In C# and Java the classes are not objects. They are types, in the sense in which those languages are statically typed. True you can get an object representing a specific class - but that's not the same as the class itself.
In python what looks like a class is actually an object too.
It's exlpained here much better than I can ever do :)
The main difference is that they mean you can easily manipulate the class as an object. The same facility is available in Java, where you can use the methods of Class to get at information about the class of an object. In languages like Python, Ruby, and Smalltalk, the more dynamic nature of the language lets you "open" the class and change it, which is sometimes called "monkey patching".
Personally I don't think the differences are all that much of a big deal, but I'm sure we can get a good religious war started about it.
Classes are objects in that they are manipulable in Python code just like any object. Others have shown how you can pass them around to functions, allowing them to be operated upon like any object. Here is how you might do this:
class Foo(object):
pass
f = Foo()
f.a = "a" # assigns attribute on instance f
Foo.b = "b" # assigns attribute on class Foo, and thus on all instances including f
print f.a, f.b
Second, like all objects, classes are instantiated at runtime. That is, a class definition is code that is executed rather than a structure that is compiled before anything runs. This means a class can "bake in" things that are only known when the program is run, such as environment variables or user input. These are evaluated once when the class is declared and then become a part of the class. This is different from compiled languages like C# which require this sort of behavior to be implemented differently.

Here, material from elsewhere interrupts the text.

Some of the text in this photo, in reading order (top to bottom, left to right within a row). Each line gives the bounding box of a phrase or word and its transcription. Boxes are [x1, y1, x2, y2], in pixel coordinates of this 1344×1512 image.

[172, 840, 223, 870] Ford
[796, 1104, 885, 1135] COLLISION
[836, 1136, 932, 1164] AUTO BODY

Finally, classes, like any object, are built from classes. Just as an object is built from a class, so is a class built from a special kind of class called a metaclass. You can write your own metaclasses to change how classes are defined.

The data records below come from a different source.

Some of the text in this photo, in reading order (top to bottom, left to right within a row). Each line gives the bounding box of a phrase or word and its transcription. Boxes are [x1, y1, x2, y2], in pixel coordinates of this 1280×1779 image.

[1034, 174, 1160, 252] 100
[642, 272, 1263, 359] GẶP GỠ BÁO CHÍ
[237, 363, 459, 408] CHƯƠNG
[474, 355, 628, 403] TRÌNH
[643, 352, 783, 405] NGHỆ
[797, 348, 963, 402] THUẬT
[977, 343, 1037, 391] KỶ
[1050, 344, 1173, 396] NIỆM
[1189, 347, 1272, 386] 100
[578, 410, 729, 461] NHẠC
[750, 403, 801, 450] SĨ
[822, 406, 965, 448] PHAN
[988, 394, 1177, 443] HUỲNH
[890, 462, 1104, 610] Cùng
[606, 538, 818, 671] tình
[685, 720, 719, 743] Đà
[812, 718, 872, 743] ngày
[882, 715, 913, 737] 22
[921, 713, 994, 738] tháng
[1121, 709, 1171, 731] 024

Another advantage of classes being objects is that objects can change their class at runtime:
>>> class MyClass(object):
... def foo(self):
... print "Yo There! I'm a MyCLass-Object!"
...
>>> class YourClass(object):
... def foo(self):
... print "Guess what?! I'm a YourClass-Object!"
...
>>> o = MyClass()
>>> o.foo()
Yo There! I'm a MyCLass-Object!
>>> o.__class__ = YourClass
>>> o.foo()
Guess what?! I'm a YourClass-Object!
Objects have a special attribute __class__ that points to the class of which they are an instance. This is possible only because classes are objects themself, and therefore can be bound to an attribute like __class__.
As this question has a Smalltalk tag, this answer is from a Smalltalk perspective. In Object-Oriented programming, things get done through message-passing. You send a message to an object, if the object understands that message, it executes the corresponding method and returns a value. But how is the object created in the first place? If special syntax is introduced for creating objects that will break the simple syntax based on message passing. This is what happens in languages like Java:
p = new Point(10, 20); // Creates a new Point object with the help of a special keyword - new.
p.draw(); // Sends the message `draw` to the Point object.
As it is evident from the above code, the language has two ways to get things done - one imperative and the other Object Oriented. In contrast, Smalltalk has a consistent syntax based only on messaging:
p := Point new: 10 y: 20.
p draw.
Here new is a message send to a singleton object called Point which is an instance of a Metaclass. In addition to giving the language a consistent model of computation, metaclasses allow dynamic modification of classes. For instance, the following statement will add a new instance variable to the Point class without requiring a recompilation or VM restart:
Point addInstVarName: 'z'.
The best reading on this subject is The Art of the Metaobject Protocol.